Please reproduce all of the data below exactly, leaving each picture out.

—————

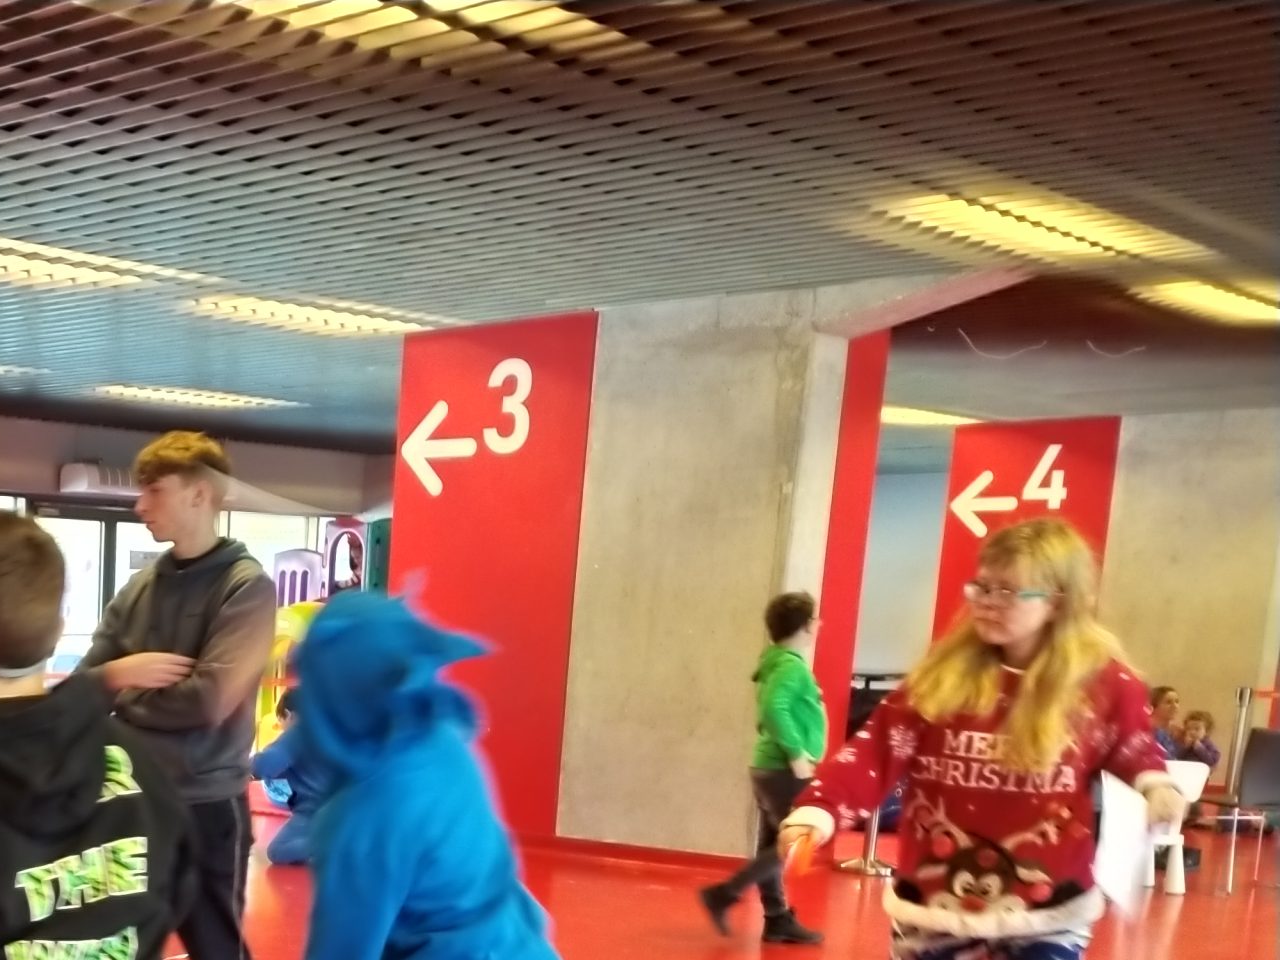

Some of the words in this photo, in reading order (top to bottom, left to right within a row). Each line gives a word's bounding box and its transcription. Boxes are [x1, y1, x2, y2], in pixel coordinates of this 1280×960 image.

[482, 357, 534, 454] 3
[1022, 443, 1069, 510] 4
[912, 756, 1077, 794] CHRISTMA
[14, 836, 149, 922] THE
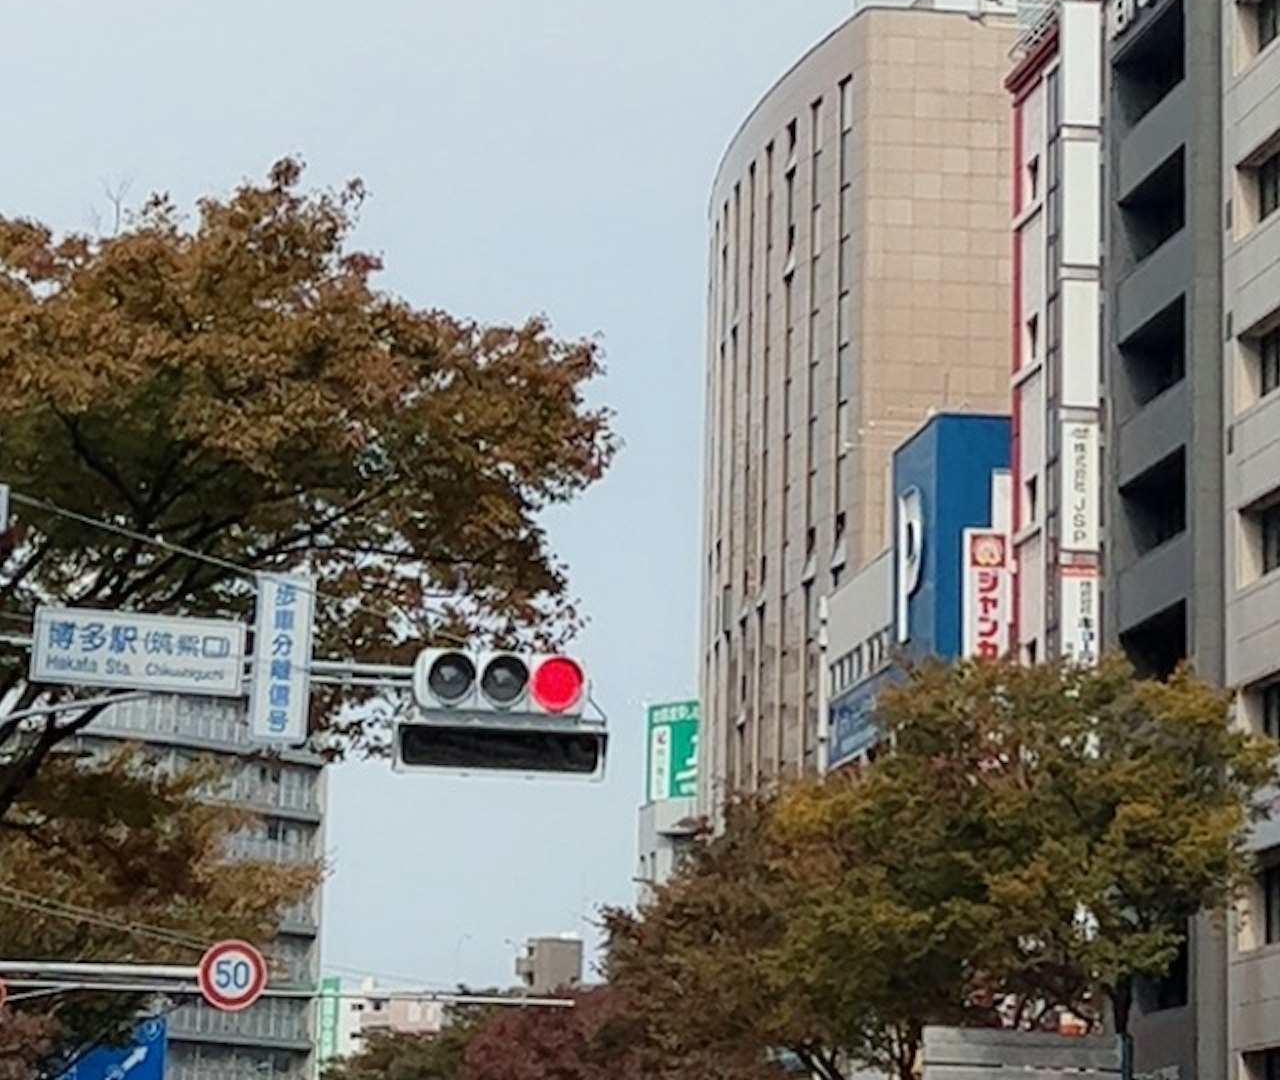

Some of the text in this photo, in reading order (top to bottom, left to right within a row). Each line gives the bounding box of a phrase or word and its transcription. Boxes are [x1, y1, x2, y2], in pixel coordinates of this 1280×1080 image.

[45, 654, 98, 674] Hakata
[268, 583, 297, 733] 歩車分離信号
[214, 961, 249, 991] 50

—————

* [Answer to this task]
Some of the words in this photo, in reading order (top to bottom, left to right within a row). Each line gives a word's bounding box and its transcription. Boxes are [x1, y1, x2, y2], in pixel coordinates of this 1280×960 image.

[482, 357, 534, 454] 3
[1022, 443, 1069, 510] 4
[912, 756, 1077, 794] CHRISTMA
[14, 836, 149, 922] THE

Some of the text in this photo, in reading order (top to bottom, left to right within a row). Each line gives the bounding box of a phrase or word and its transcription. Boxes are [x1, y1, x2, y2], in pixel coordinates of this 1280×1080 image.

[45, 654, 98, 674] Hakata
[268, 583, 297, 733] 歩車分離信号
[214, 961, 249, 991] 50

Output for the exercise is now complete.